What I mean with this is that I am not always confident. I am very often shitting myself on the inside. Like, proper shitting myself. But I choose to portray an exterior of confidence. “Let them believe that I know what I am doing, and then I can try to figure it out later.”
I remember when I was young, really young, this was back in the 90’s. My mum used to make me order at McDonalds. “You want an ice cream? Then you have to go and order one.” While this is a pretty basic thing, I remember shitting myself on the inside. What if I said the wrong thing to the person behind the counter? What if he/she did not understand my order? Or what if they laughed at me? But I also remember thinking that I really wanted that ice cream. So I had to suck it up and go to the counter and order.
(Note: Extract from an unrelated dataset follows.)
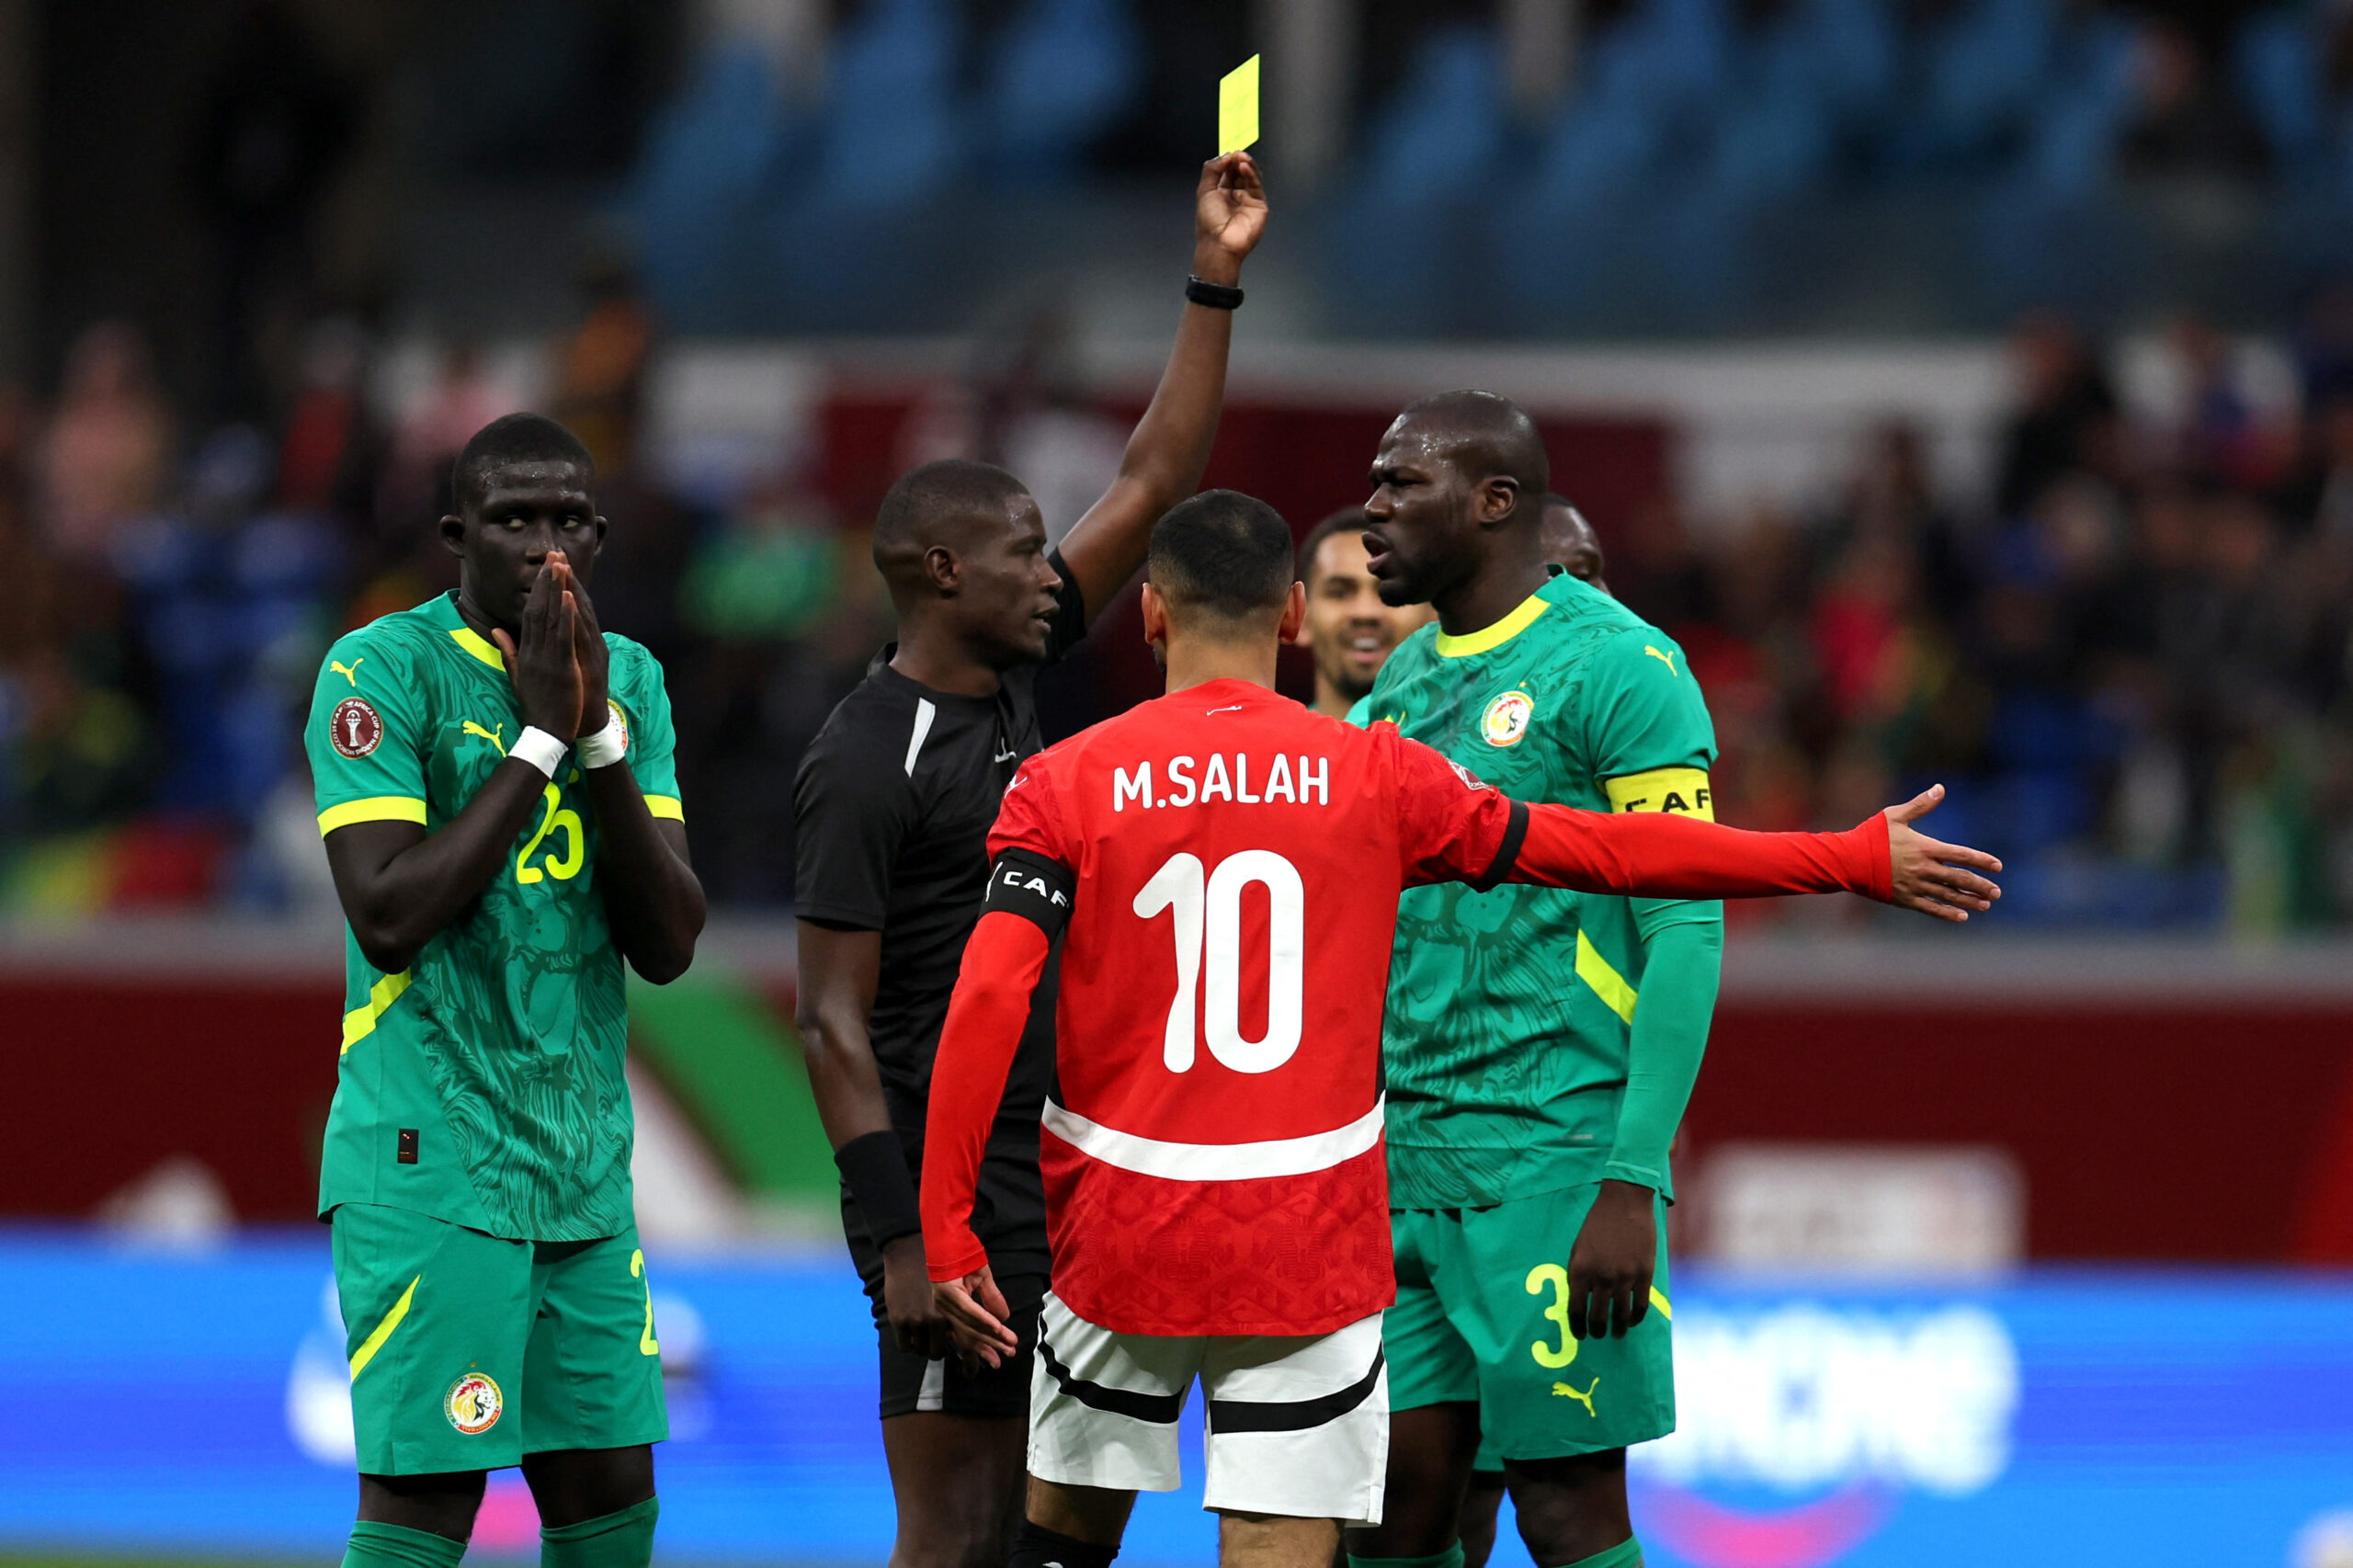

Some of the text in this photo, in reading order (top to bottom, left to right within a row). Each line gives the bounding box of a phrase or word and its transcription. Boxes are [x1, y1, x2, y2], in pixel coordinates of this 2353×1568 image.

And can you believe it, I was always fine.
I think this really set the way for me for the rest of my life. If you want something, you cannot let fear get in the way. The fear of being laughed at. The fear of being rejected. The fear of getting a “No” or a “You do not fit the profile”.
I remember when I was going to the Swedish School in London when I was 13 and I was asked to be in the Spring Show and sing solo…in French! My French was basic and my singing the same. But I loved being on stage and I did not want to turn down the opportunity – especially when someone else believed in me. They had asked me to sing this particular song, they had not asked my classmates. So I did it…and it was fine and people applauded me and I had a great time (although I cringe every time I watch it now). Further to this, I did many more spring shows and many more solo performances – although, not in French!
Another time is when I was doing my work experience at my current job when I was 20 and had just started my second year of law school. Two days into the experience, they asked me if I wanted a job there. I was baffled…I did not think my contribution during those two days had been significant or even good – I had completely and utterly fucked up several times, yet they asked me if I wanted a job? Once again, I was shitting myself. I did not know anything about family law, nor did I know anything about working in a law firm. Would I be able to live up to their expectations? Would I embarrass myself? But I accepted the offer thinking: “Ok they have clearly seen something in me that they like. They have confidence in me, so why should I not have confidence in myself?” 3 years later, I am still at the same firm.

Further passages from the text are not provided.